Question

A cube has side length \(5 \text{ cm}\) and modulus of rigidity \(10^5 \text{ N/m}^2\). The displacement produced by a force of \(10 \text{ N}\) in the upper face of the cube is ____ \text{mm}.

Answer 1

Correct Answer: 2

Step 1: Understanding the Question:
The question asks for the lateral (shear) displacement (\(\Delta x\)) of the top face of a cube when a tangential force is applied. This involves the concept of the modulus of rigidity (\(\eta\)), which is the ratio of shear stress to shear strain.

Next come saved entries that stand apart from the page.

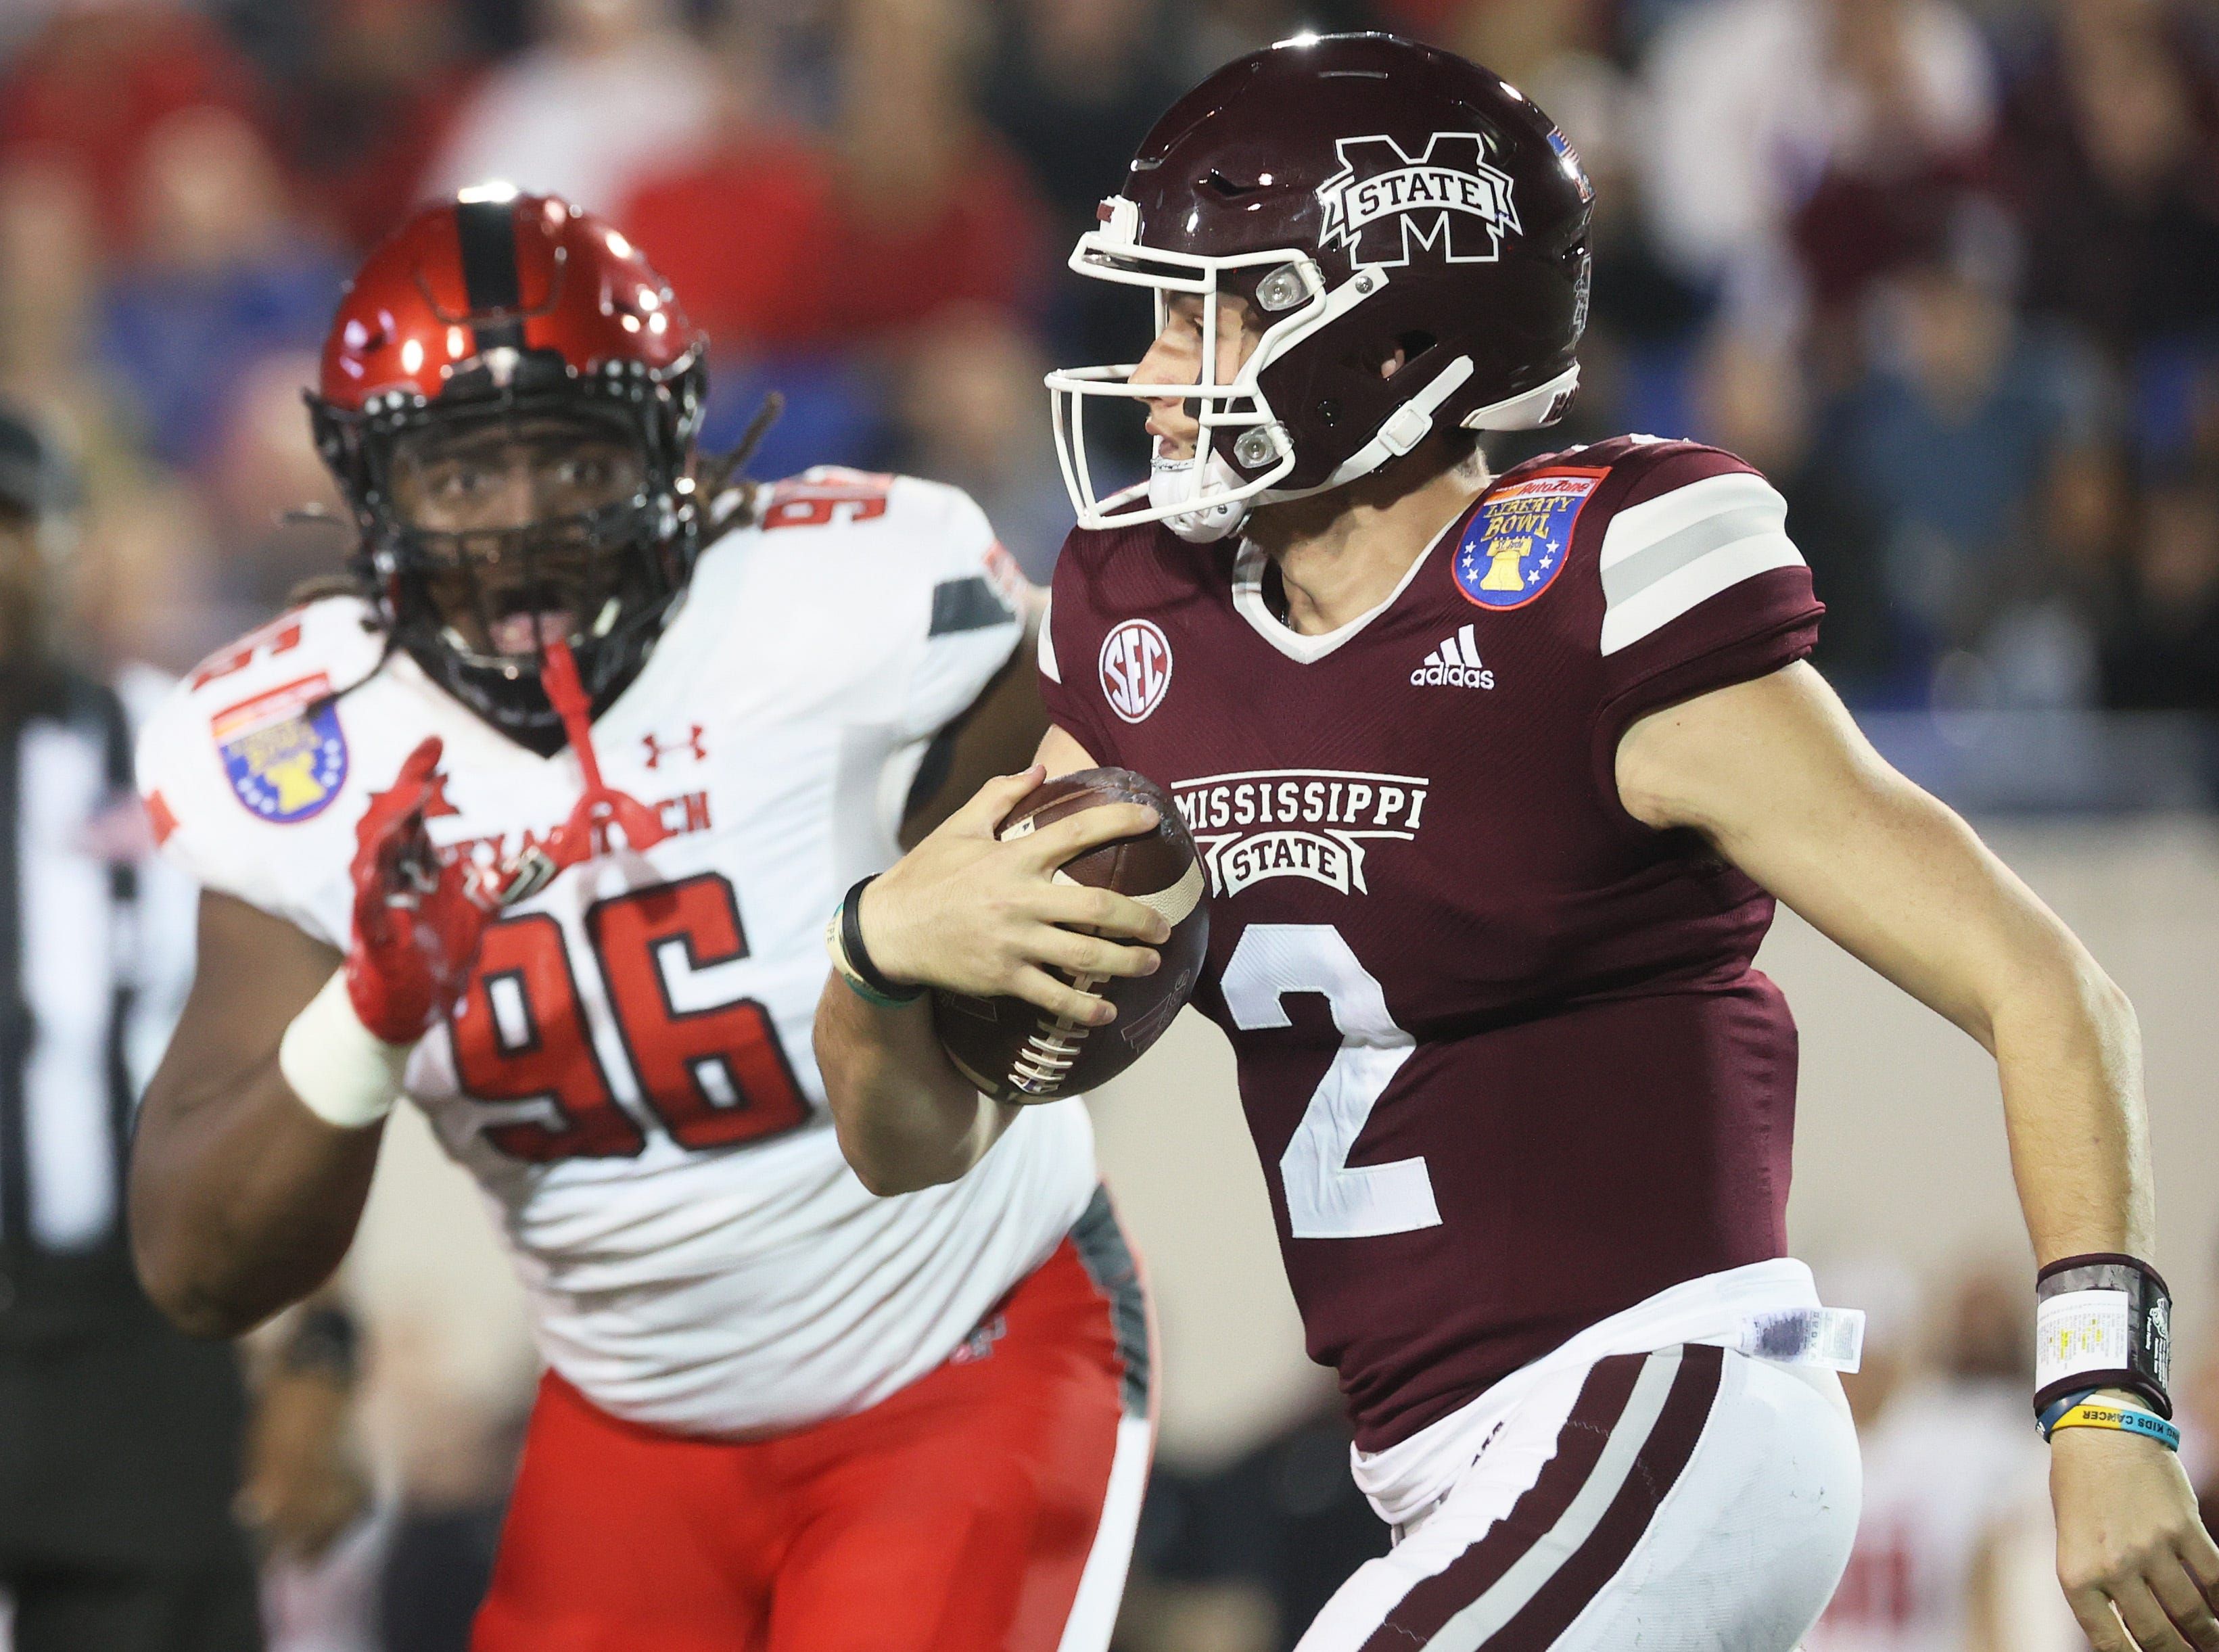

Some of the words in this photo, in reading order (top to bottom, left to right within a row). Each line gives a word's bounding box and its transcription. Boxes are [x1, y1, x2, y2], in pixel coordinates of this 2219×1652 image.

[1358, 173, 1482, 216] STATE
[1516, 480, 1589, 496] AutoZone
[1483, 496, 1575, 519] LIBERTY
[1480, 513, 1550, 542] BOWL
[1104, 628, 1163, 715] SEC
[1410, 661, 1495, 690] adidas
[1173, 782, 1427, 830] MISSISSIPPI
[1232, 838, 1337, 882] STATE
[446, 870, 816, 1160] 96
[1220, 924, 1444, 1239] 2
[2082, 1410, 2133, 1425] CANCER
[2138, 1418, 2164, 1434] KIDS

Step 2: Key Formula or Approach:
The formula for the modulus of rigidity is:
\[ \eta = \frac{\text{Shear Stress}}{\text{Shear Strain}} = \frac{F / A}{\Delta x / L} \]

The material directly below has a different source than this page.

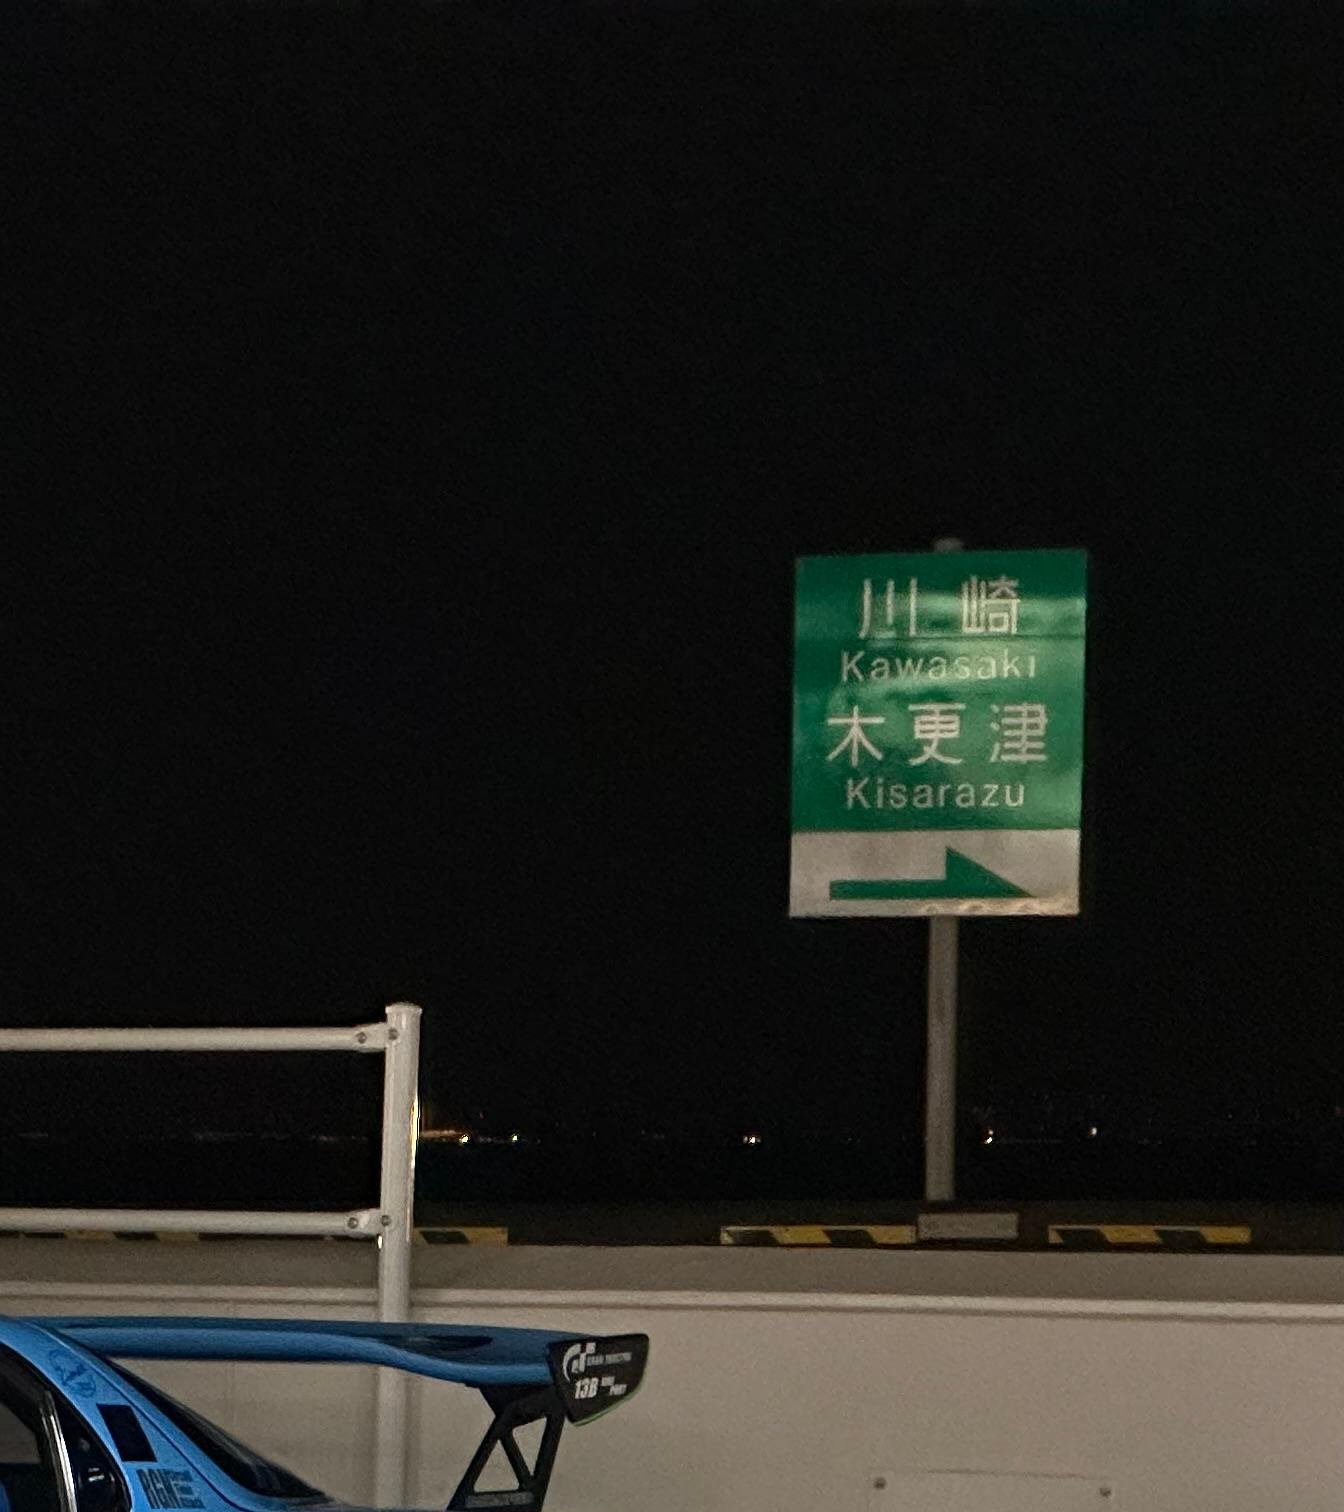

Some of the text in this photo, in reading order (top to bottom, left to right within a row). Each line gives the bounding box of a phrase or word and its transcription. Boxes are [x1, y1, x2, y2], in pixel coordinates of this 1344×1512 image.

Rearranging for displacement (\(\Delta x\)):
\[ \Delta x = \frac{F \cdot L}{A \cdot \eta} \]
Step 3: Detailed Explanation:
Given data:
Side length of the cube, \(L = 5 \text{ cm} = 0.05 \text{ m}\).
Area of the upper face, \(A = L^2 = (0.05 \text{ m})^2 = 0.0025 \text{ m}^2 = 25 \times 10^{-4} \text{ m}^2\).

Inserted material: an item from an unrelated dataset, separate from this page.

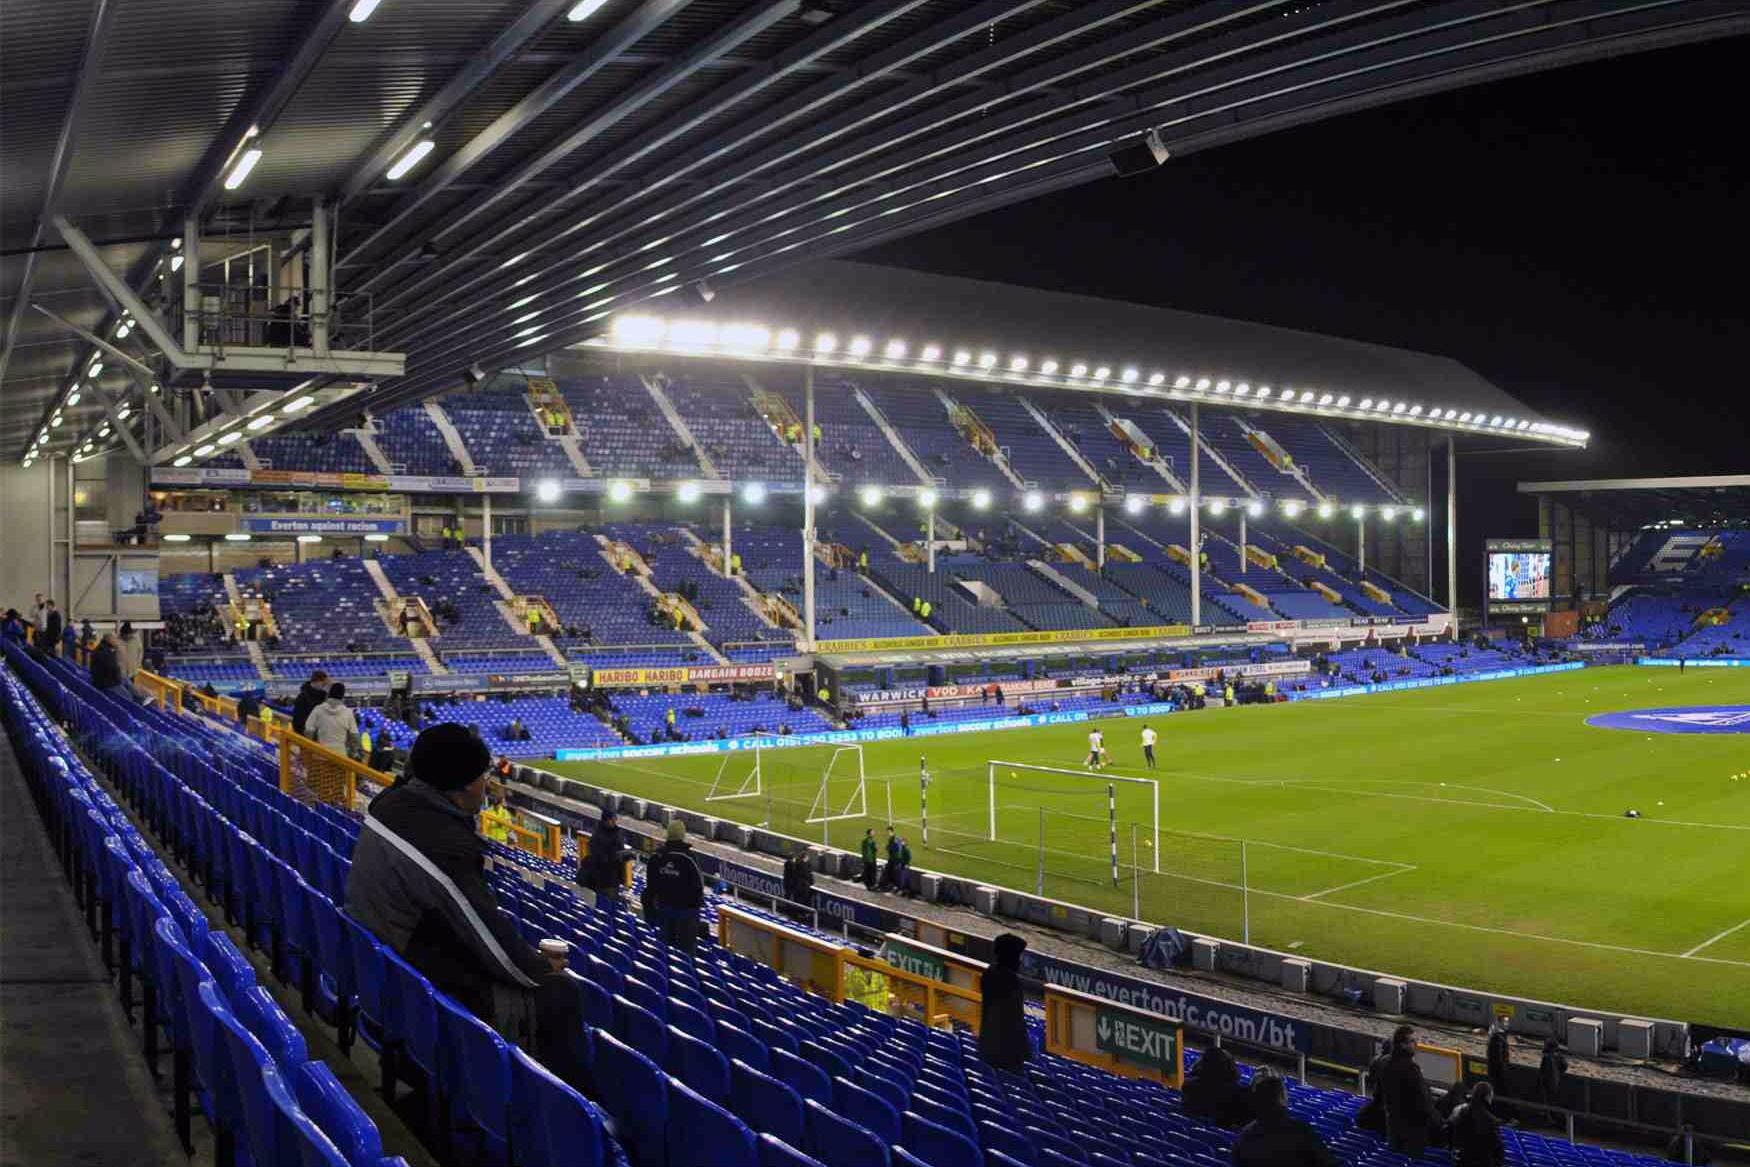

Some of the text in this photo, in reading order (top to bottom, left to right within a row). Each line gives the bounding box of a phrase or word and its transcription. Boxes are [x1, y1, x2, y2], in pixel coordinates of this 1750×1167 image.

Applied force, \(F = 10 \text{ N}\).
Modulus of rigidity, \(\eta = 10^5 \text{ N/m}^2\).
Substitute the values into the rearranged formula:
\[ \Delta x = \frac{10 \times 0.05}{(25 \times 10^{-4}) \times 10^5} \]
\[ \Delta x = \frac{0.5}{25 \times 10} \]
\[ \Delta x = \frac{0.5}{250} \text{ m} \]
\[ \Delta x = 0.002 \text{ m} \]
Convert the result from meters to millimeters:
\[ \Delta x = 0.002 \times 1000 \text{ mm} = 2 \text{ mm} \]
Step 4: Final Answer:
The displacement produced is \(2 \text{ mm}\).